Such filters could be language specific, region specific or
application area specific.
[0141] Once the extracted terminology candidate data in the
Interface file is ready for editing it is presented to the user by
the GUI in a variety of ways, as shown in step 236.
[0142] FIG. 10 shows a screenshot of the root form view of a list
of extracted terminology candidates, displayed by clicking the icon
of item 376. The terminology candidates have been ordered by
frequency of occurrence by clicking the icon of item 382 and in
descending order by clicking the icon of item 388. In this
particular screenshot, the cursor is clicked on the "accounting
firm" terminology candidate of item 366. The row number here is
"1," the frequency is "1" and the rank is "8," as shown by items
372, 362 and 364 respectively.
Ranking Function
[0143] The rank is a confidence-index value having a range of
values, for example a set of values ranging from 1 to 10. The rank
may be determined initially by the analysis of extracted
terminology candidates from a large corpus by determining what
percentage of the extracted terminology candidates that matched a
particular parser rule are, in fact, semantically relevant. For
example, an initial rank of eight may be assigned to a parser rule
that is most likely to yield a good terminology candidate. The
initial rank may then be increased based on the frequency of
occurrence of a given extracted terminology candidate in the source
material.
[0144] So, when for example, Terminology Candidate A is first found
in a document, it may be given an initial rank according to the
terminology candidate pattern that it matched on (say for example
it matched Rule A, which has a rank of 7). With each subsequent
occurrence of Terminology Candidate A in the source material,
however, the rank will potentially increase. The user is presented
with a list of terminology candidates with their raw number of
occurrences in the source material and the rank (as mentioned
above, a function of pattern confidence and frequency of
occurrence). By ordering terminology candidates according to their
ranking, the user can focus their work on the extracted terminology
candidates that are most likely to be semantic units. If a
terminology candidate was found only once but has an initial
ranking of 8, it is a good candidate. A terminology candidate that
receives a low initial rank might then be increased to a rank of 8
based on its frequency of occurrence. Both of these situations
warrant the attention of the user. The default settings for the
initial rankings can be adjusted by the user of the software, i.e.

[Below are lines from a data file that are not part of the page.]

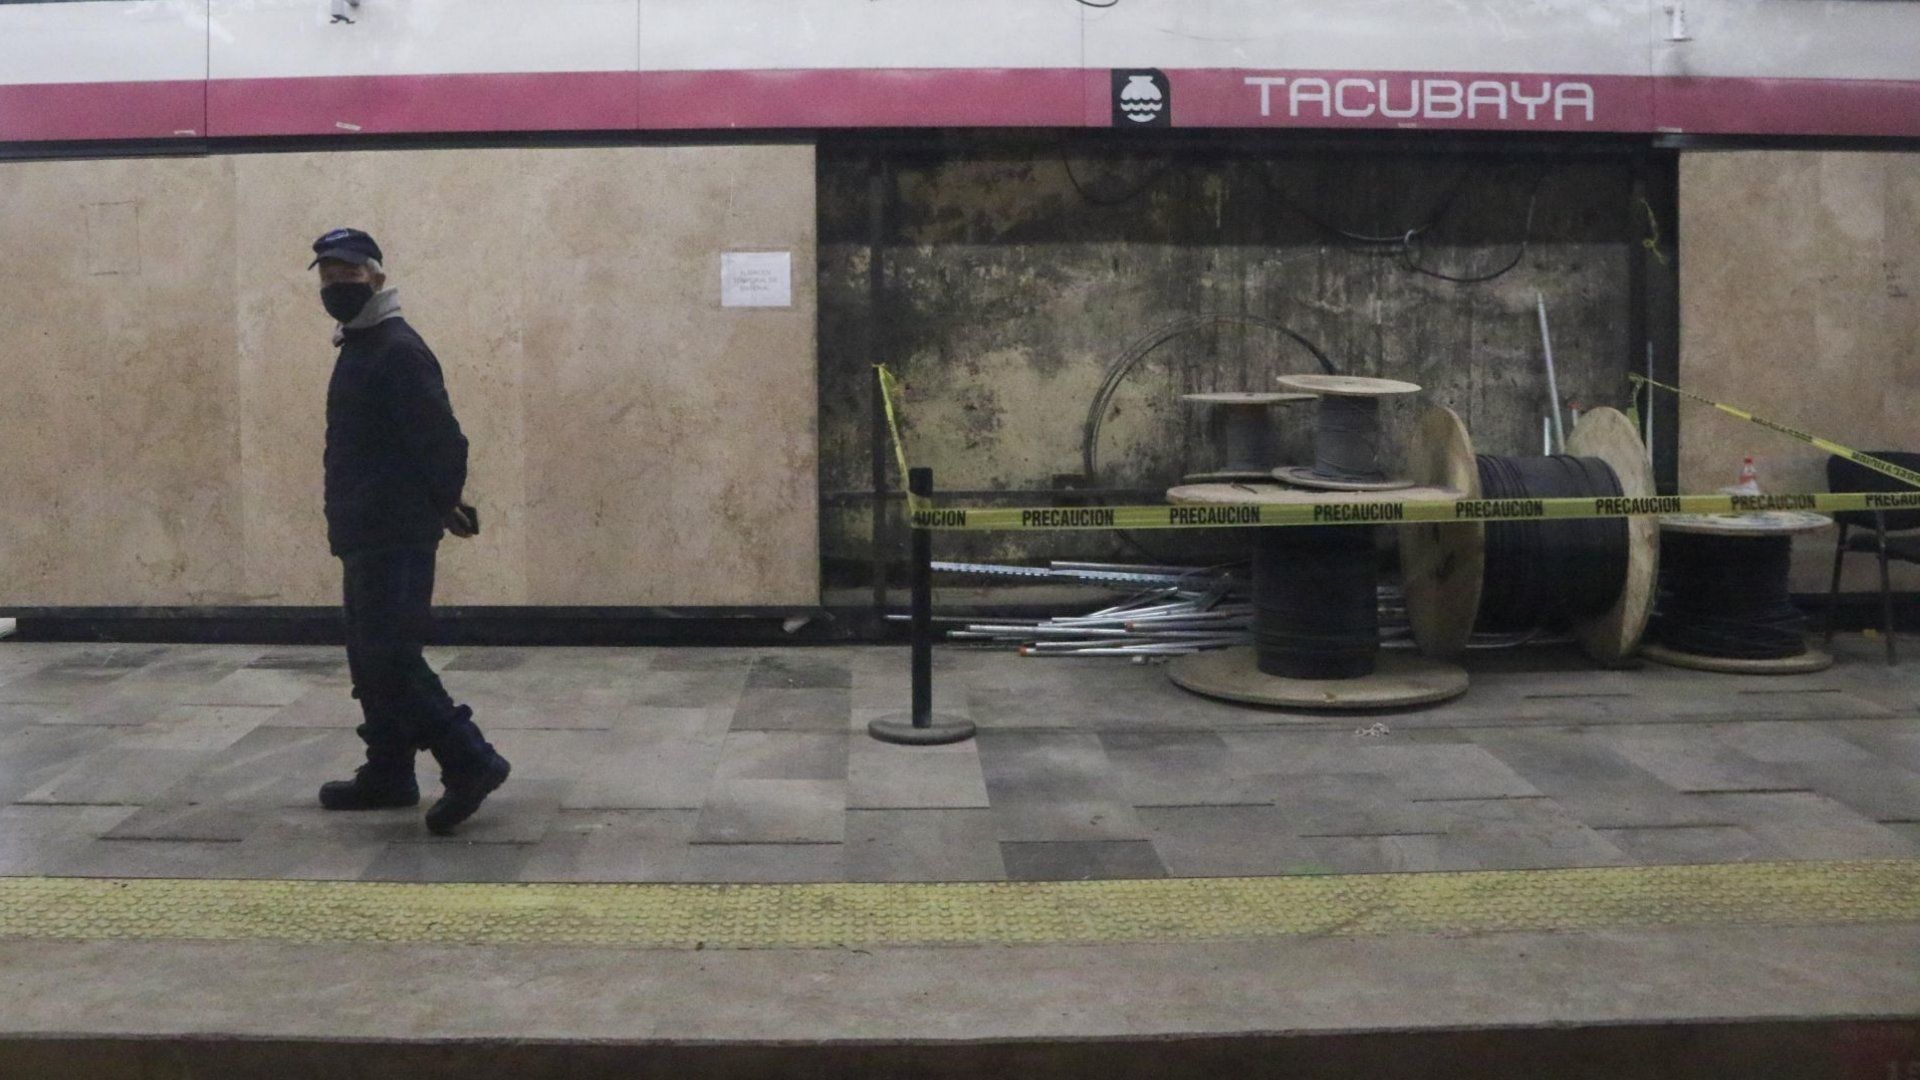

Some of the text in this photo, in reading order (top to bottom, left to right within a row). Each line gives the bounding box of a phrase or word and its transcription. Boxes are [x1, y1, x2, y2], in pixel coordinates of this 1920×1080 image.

[1244, 77, 1594, 121] TACUBAYA
[1022, 509, 1114, 526] PRECAUCION
[1170, 506, 1260, 524] PRECAUCION
[1314, 503, 1403, 521] PRECAUCION
[1456, 500, 1543, 518] PRECAUCION
[1595, 497, 1681, 514] PRECAUCION
[1731, 494, 1816, 510] PRECAUCION
[1865, 493, 1920, 508] PRECAU

the computational linguist.
[0145] Various statistical metrics could be used when analysing the
large corpus to produce initial rank estimates. This process should
have some human input in order to review the quality of extracted
terminology candidates for each pattern and hence arrive at
reasonable estimates.
[0146] Returning now to the export stage discussion, the context
window shows the sentences in which the terminology candidate
appears. In this case the sentence only appears once and the
terminology candidate appears as the inflected form "accounting
firms" as shown by item 370. This terminology candidate is
identified in the Part-of-Speech window of item 374 to be a noun
phrase.
[0147] A screenshot of the same terminology candidates in
inflected-form view is shown in FIG. 11. The terminology candidates
have been displayed alphabetically by clicking on the icon of item
400 and displayed in ascending order by clicking on the icon of
item 402. In this particular case, the cursor is clicked on the
"CEO Steve Ballmer" terminology candidate of item 411 with row
number "6" shown by item 414, frequency "1" shown by item 412 and
rank "7" shown by item 410. The terminology candidate is
highlighted in the context window in the sentence where it occurs,
as shown by item 406, and the terminology candidate is identified
in the Part-of-Speech window, as shown by item 408, to be a
capitalisation.
[0148] The screenshot of FIG. 12 shows an inflected word view,
which has been displayed by clicking on the inflected form icon of
item 442 and the word form icon of item 430. The words have been
ordered alphabetically in ascending order by clicking on the icons
of items 432 and 434. The concordance or word display mode is a
list or index of all the words from the source text with any
corresponding linguistic information. The word "was" has a row
number of "377" as shown by item 436, and a frequency of occurrence
of "5" as shown by item 438. The sentences where the word occurs in
the source text are listed in the context window, as shown by item
440. The word "was" was identified as a function word, as shown by
the checked box of item 442. It was found in the lexical database,
as shown by the checked box of item 444. Its root form "BE" is
indicated by item 446.
[0149] The display is switched from inflected to root form view by
clicking on the icon of item 460 in the screenshot of FIG. 13. The
word "was" is recognised as being of the verb part-of-speech, as
shown by item 466, and comes from the verb infinitive "to be" so
the root form is "be" of which the frequency is "14" as shown by
item 464. There are more occurrences here than for "was" in the
previous figure, as several words may have the same root form. The
difference in the context window here is that, although the context
sentences are listed, the word "be" is not highlighted because the
original source sentences contain the inflected forms e.g. "was" or
"are" or "is" etc. The row number has also changed to "43" due to
the different ordering, as shown by item 462.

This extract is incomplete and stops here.